** Opening Working data block **
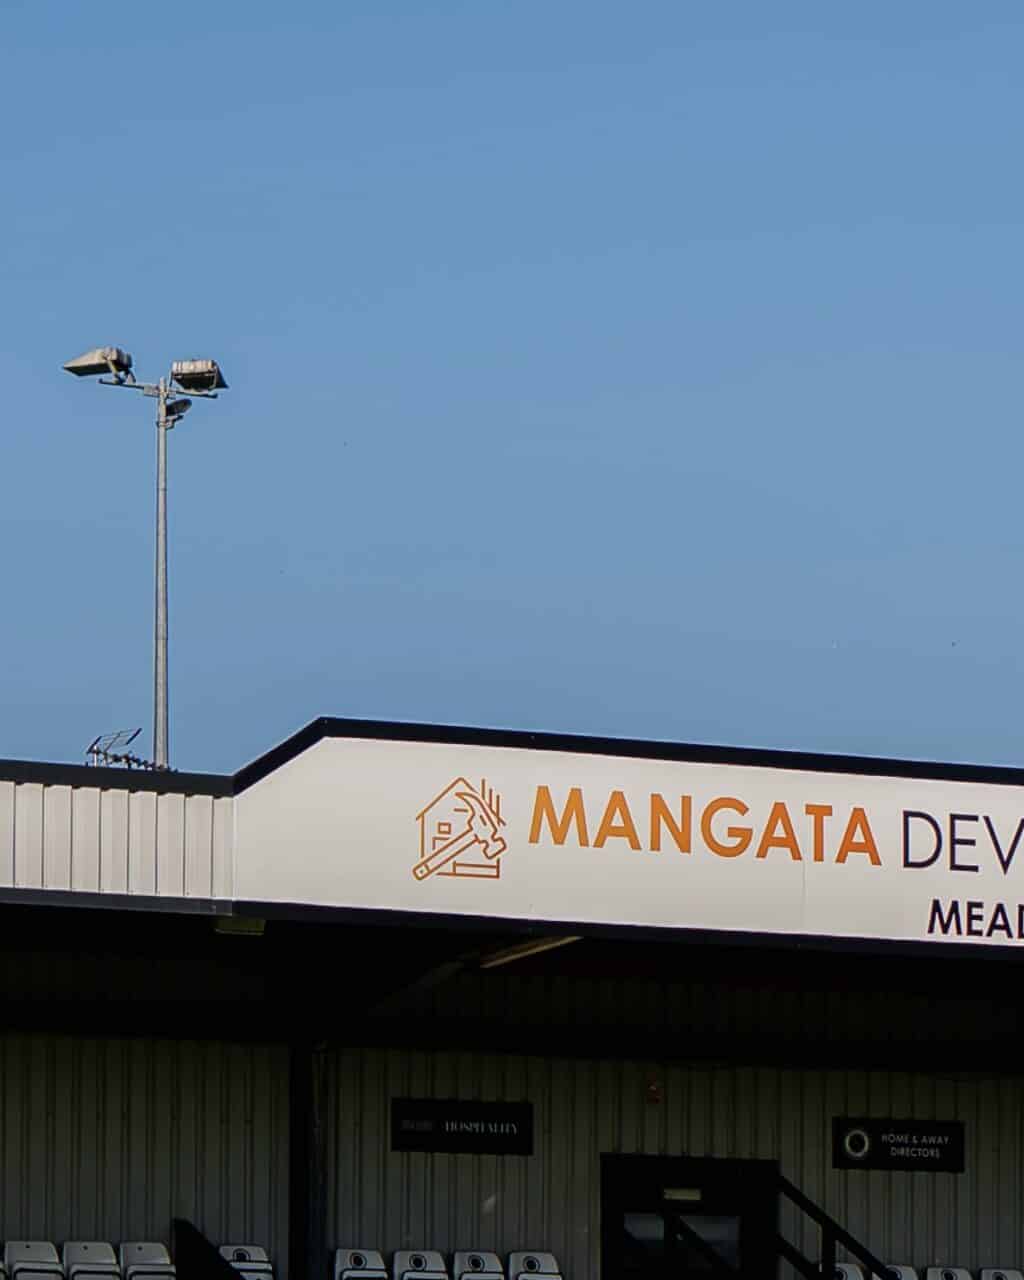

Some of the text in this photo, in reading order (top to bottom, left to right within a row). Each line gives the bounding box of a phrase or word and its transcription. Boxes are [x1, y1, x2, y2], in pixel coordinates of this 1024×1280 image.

[528, 785, 882, 867] MANGATA
[881, 1133, 909, 1145] HOME
[921, 1135, 950, 1146] AWAY
[889, 1146, 941, 1159] DIRECTORS
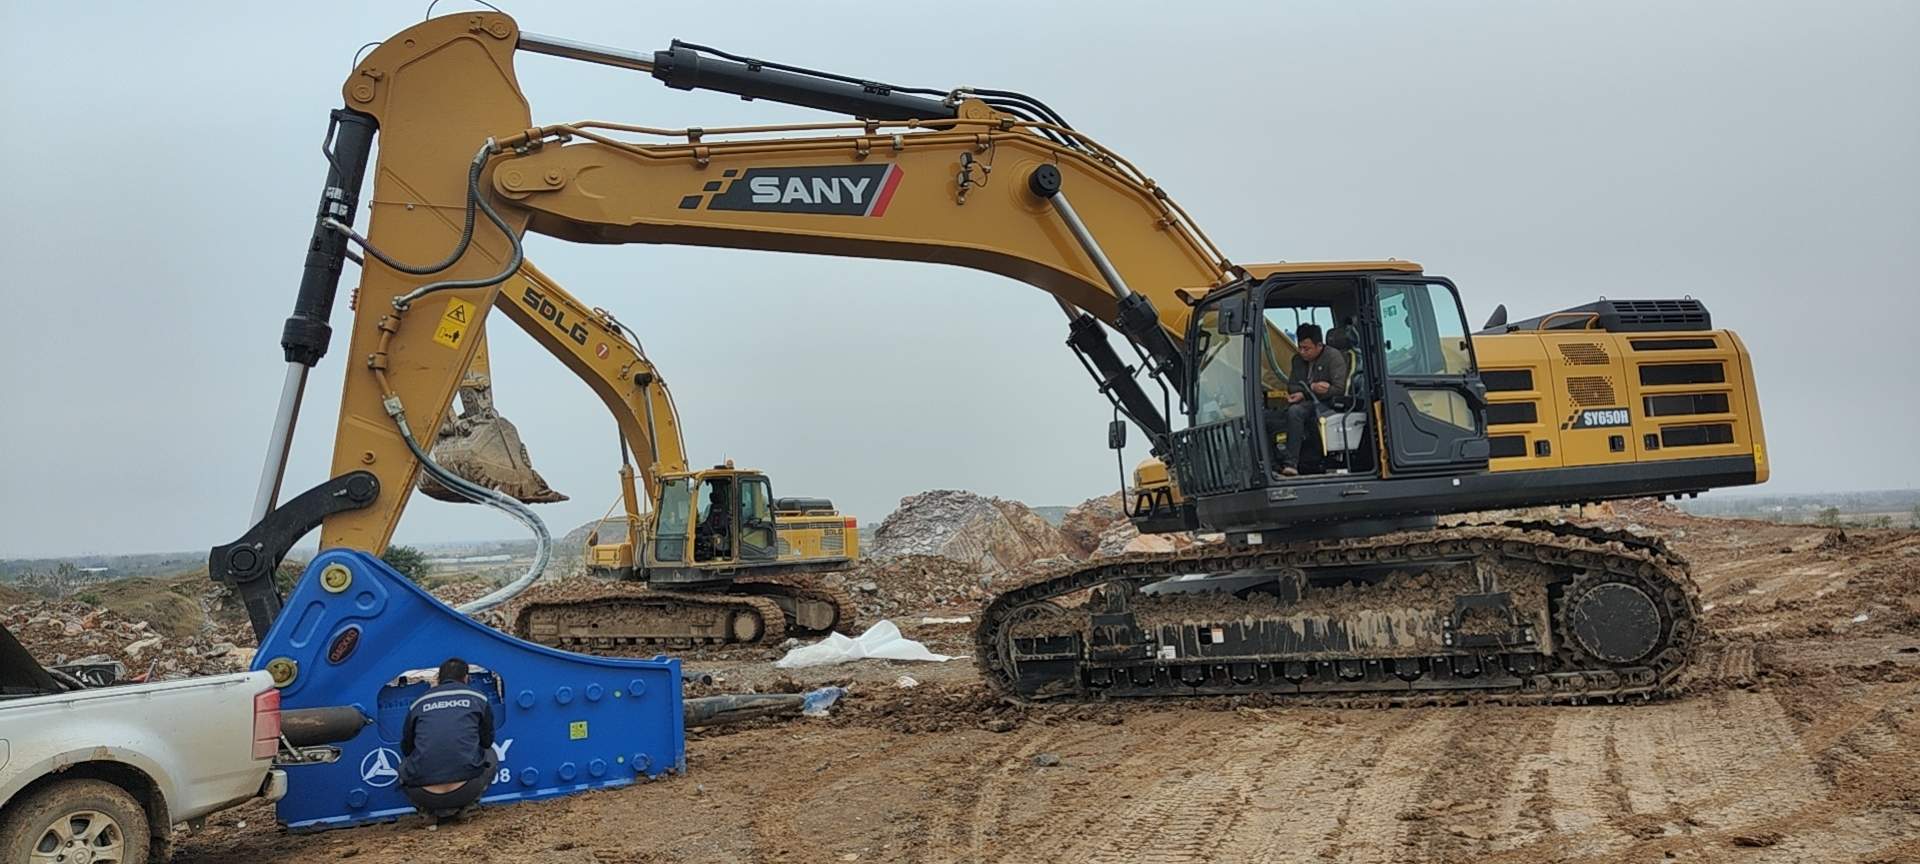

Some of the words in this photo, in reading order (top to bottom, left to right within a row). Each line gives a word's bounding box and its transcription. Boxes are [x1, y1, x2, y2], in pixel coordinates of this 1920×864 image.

[750, 177, 871, 204] SANY
[522, 286, 589, 346] SDLG
[1583, 409, 1629, 426] SY650H
[422, 699, 471, 712] DAEKKO
** Closing Working data block **
* Task prompt *
What is needed is the data above, retyped exactly, with every picture left out.

* Answer to the exercise *
Some of the text in this photo, in reading order (top to bottom, left to right within a row). Each line gives the bounding box of a phrase or word and its transcription. Boxes are [x1, y1, x2, y2], in pixel coordinates of this 1024×1280 image.

[528, 785, 882, 867] MANGATA
[881, 1133, 909, 1145] HOME
[921, 1135, 950, 1146] AWAY
[889, 1146, 941, 1159] DIRECTORS

Some of the words in this photo, in reading order (top to bottom, left to right within a row). Each line gives a word's bounding box and its transcription. Boxes are [x1, y1, x2, y2], in pixel coordinates of this 1920×864 image.

[750, 177, 871, 204] SANY
[522, 286, 589, 346] SDLG
[1583, 409, 1629, 426] SY650H
[422, 699, 471, 712] DAEKKO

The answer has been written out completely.